I don't understand why this should be, any comments that might help? Why does the new local translation parameter include the effect of what globally used to be rotations/boosts?


  1. D.Z. Freedman & A. Van Proeyen, SUGRA, 2012; p. 225.
  1. Ref. 1 defines a local translation on spacetime $M$ as a diffeomorphism.

  2. Note that the words local and global in this physics context mean point-dependent (=$x$-dependent) and point-independent (=$x$-independent), respectively. [Be aware that mathematicians in other contexts typically use the words local and global to refer to objects defined in a local neighborhood $U\subseteq M$, or globally on the whole manifold $M$, respectively. Ref. 1 does not dwell on this latter distinction, and implicitly assumes that the definitions of objects can be extended/restricted appropriately, if needed.]

  3. An infinitesimal diffeomorphisms $\xi^{\mu}(x)$ can be identified with a vector field.

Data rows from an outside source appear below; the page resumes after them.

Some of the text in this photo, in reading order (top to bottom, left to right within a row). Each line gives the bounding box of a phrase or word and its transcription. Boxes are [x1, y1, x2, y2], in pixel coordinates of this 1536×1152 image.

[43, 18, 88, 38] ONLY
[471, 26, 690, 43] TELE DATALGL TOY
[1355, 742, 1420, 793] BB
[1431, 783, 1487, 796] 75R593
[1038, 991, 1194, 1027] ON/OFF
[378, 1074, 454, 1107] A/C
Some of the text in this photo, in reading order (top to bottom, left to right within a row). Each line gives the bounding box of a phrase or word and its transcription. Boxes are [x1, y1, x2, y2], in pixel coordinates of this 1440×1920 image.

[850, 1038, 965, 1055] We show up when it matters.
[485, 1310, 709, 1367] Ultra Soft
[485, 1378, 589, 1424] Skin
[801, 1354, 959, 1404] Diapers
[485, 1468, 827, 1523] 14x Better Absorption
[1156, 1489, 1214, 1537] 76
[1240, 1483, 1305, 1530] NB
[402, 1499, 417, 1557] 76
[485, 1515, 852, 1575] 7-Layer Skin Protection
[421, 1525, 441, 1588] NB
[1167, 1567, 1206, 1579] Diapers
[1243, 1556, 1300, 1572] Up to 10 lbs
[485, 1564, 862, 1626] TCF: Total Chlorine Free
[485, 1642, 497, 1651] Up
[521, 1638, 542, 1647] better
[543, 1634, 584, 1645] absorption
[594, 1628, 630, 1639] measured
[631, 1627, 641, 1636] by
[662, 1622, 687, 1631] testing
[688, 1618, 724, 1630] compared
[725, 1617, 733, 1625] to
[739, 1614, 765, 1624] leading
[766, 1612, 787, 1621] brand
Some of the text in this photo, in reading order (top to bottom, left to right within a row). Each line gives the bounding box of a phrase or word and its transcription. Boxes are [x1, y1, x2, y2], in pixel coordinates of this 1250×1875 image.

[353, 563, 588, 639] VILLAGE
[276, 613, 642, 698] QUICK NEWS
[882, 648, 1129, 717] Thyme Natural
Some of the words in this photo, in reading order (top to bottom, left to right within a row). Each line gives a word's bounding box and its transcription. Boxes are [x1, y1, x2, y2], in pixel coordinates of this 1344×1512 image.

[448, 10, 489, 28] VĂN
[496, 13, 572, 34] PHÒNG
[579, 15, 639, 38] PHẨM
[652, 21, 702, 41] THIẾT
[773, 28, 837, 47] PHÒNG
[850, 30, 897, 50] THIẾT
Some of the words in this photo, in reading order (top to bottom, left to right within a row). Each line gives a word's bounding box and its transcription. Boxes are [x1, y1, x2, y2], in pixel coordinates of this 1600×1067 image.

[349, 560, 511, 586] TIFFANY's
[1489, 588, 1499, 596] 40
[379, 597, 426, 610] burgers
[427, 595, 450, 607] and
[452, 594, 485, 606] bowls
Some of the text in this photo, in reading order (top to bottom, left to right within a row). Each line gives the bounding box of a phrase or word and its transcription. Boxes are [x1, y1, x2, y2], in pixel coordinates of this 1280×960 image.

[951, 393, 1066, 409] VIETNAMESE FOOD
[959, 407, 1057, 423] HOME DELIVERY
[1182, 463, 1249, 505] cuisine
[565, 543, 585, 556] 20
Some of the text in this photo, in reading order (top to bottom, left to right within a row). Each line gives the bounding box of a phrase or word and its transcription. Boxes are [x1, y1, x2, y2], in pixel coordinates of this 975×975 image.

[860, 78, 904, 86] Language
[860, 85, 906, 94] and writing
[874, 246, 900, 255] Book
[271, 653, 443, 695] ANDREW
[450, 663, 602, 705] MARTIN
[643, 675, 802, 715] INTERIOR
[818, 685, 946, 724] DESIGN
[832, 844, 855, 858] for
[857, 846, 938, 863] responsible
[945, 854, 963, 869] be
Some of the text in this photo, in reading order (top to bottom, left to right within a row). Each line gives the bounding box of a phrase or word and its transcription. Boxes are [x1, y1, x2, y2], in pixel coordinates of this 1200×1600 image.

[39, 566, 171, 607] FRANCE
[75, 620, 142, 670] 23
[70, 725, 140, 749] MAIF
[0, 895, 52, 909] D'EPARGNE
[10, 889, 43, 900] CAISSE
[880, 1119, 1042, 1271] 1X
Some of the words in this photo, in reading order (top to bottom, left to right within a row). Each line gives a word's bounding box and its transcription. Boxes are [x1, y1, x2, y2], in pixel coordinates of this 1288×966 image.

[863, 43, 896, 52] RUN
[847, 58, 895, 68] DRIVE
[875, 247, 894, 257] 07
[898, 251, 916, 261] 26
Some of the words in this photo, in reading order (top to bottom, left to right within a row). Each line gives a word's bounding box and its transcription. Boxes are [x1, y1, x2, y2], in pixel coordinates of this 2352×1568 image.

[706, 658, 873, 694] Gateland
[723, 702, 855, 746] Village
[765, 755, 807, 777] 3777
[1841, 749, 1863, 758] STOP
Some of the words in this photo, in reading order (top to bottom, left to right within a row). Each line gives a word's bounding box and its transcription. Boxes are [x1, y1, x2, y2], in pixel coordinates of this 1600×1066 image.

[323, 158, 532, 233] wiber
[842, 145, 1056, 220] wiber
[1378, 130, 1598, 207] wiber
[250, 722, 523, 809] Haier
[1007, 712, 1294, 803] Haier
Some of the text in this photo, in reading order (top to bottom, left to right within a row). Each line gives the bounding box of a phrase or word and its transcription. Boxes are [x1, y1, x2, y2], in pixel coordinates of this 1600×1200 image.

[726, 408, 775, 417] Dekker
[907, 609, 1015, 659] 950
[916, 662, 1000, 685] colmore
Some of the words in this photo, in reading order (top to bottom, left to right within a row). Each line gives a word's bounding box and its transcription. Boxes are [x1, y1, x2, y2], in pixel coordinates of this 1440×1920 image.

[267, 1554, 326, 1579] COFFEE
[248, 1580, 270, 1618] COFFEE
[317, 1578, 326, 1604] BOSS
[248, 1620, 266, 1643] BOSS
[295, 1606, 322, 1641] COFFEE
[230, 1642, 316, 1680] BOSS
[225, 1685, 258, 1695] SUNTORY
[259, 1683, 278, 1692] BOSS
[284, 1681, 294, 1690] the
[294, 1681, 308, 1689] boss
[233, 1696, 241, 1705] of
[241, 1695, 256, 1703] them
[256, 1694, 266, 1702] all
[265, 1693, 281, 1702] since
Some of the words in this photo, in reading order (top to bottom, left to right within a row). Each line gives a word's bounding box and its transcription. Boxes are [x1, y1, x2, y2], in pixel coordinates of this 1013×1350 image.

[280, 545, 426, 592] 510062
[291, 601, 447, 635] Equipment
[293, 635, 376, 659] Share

  4. Note that in flat Minkowski spacetime the affine transformations are global$^1$ Poincare transformations. However, Ref. 1 concerns GR and curved spacetime. Global$^1$ Lorentz transformations, global$^1$ Poincare transformations, and affine transformations become obsolete/meaningless notions in GR. Such transformations are all just special cases of local translations.

  5. On the other hand, in the terminology of Ref. 1, the local Lorentz transformations do not denote (and should not be confused with) a subset of diffeomorphisms. Instead a local Lorentz transformation $\Lambda^a{}_b(x)$ is a transformations between choices of frames in the tangent bundle. In other words, it transforms the flat indices $a,b,\ldots$, (but not the curved indices $\mu,\nu,\ldots$), of various tensors, e.g. the vielbein $e^a_{\mu}(x)$.

  6. Together the local translations and local Lorentz transformations form the local Poincare transformations.

  7. See also this & this related Phys.SE posts.


  1. D.Z. Freedman & A. Van Proeyen, SUGRA, 2012; p. 225.


$^1$ We repeat that the word global means here $x$-independent, cf. pt. 2.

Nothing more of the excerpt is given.